EPSRC Reference: GR/R86140/01
Title: enantioselective organoiron / heterocycloaddition approach to hippeastrine
Principal Investigator: Stephenson, Professor G
Other Investigators:
Researcher Co-Investigators:
Project Partners:
Department: Chemistry
Organisation: University of East Anglia
Scheme: Standard Research (Pre-FEC)
Starts: 01 March 2003 Ends: 31 March 2006 Value (£): 82,497
EPSRC Research Topic Classifications:
Asymmetric Chemistry
EPSRC Industrial Sector Classifications:
Pharmaceuticals and Biotechnology No relevance to Underpinning Sectors
Related Grants:
Panel History:  
Summary on Grant Application Form
This project will use a combination of stereoselective procedures to address the synthesis of the anticancer alkaloid hippeastrine, starting from controlled access to chiral organoiron electrophiles, then using organoiron/organocuprate chemistry and a heterocycloaddition approach to complete the stereochemistry in the C ring, and a ruthenium-mediated reaction to close the D ring.
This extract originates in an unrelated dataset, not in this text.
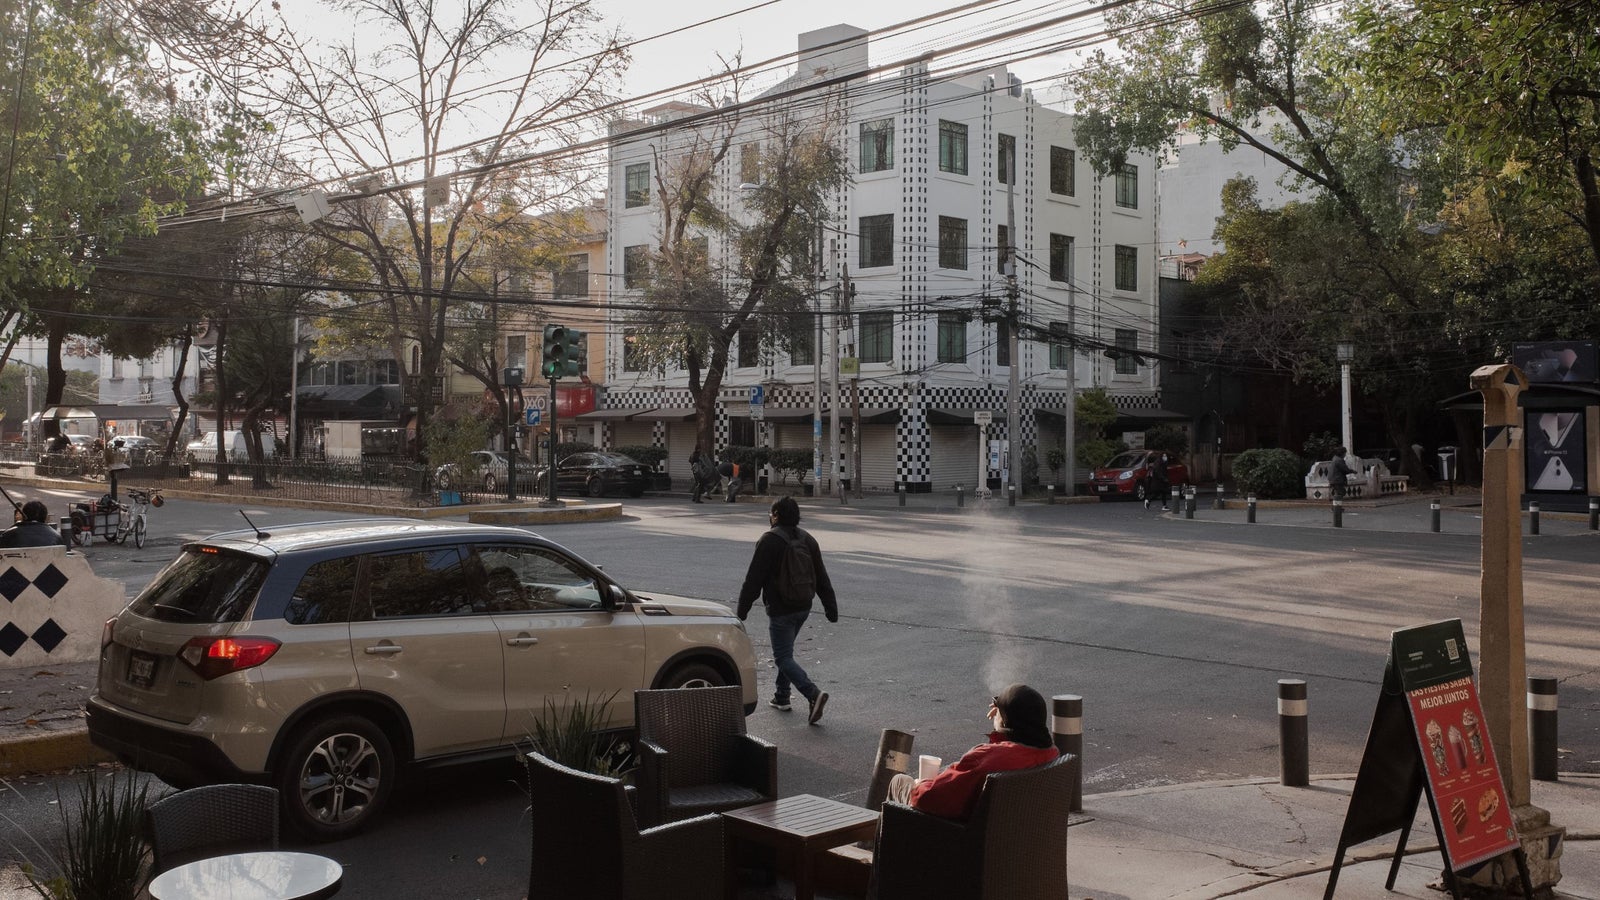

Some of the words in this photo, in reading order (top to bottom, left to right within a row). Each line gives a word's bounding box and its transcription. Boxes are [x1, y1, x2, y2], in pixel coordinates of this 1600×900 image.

The first objective is to relay chirality from correctly substituted electrophiles that carry all the functionality needed to complete hippeastrine, exploiting the 100% trans diastereoselectivity of nucleophile addition to cyclohexadienyliron(1+) complexes. The main synthetic challenge is the run of four adjacent chiral centres in the C ring at the B-C-D ring fusions. The development of novel combinations of bond-forming chemistries to address this set of chiral centres is the main feature of this proposal. Organoiron chemistry controls the construction of the central pair of chiral centres in the BC ring system, and a novel in situ heterocycloaddition trap using a nitroso derivative in the presence of trimethylamine N-oxide will provide the outer pair of chiral centres. This combination of synthetic procedures provides a short and unusual route to a class of natural products of interest to the pharmaceutical industry. The end-game of the synthesis will employ ruthenium-mediated intramolecular amination, or alternatives based on a modified Mitsinobu reaction, or reductive amination.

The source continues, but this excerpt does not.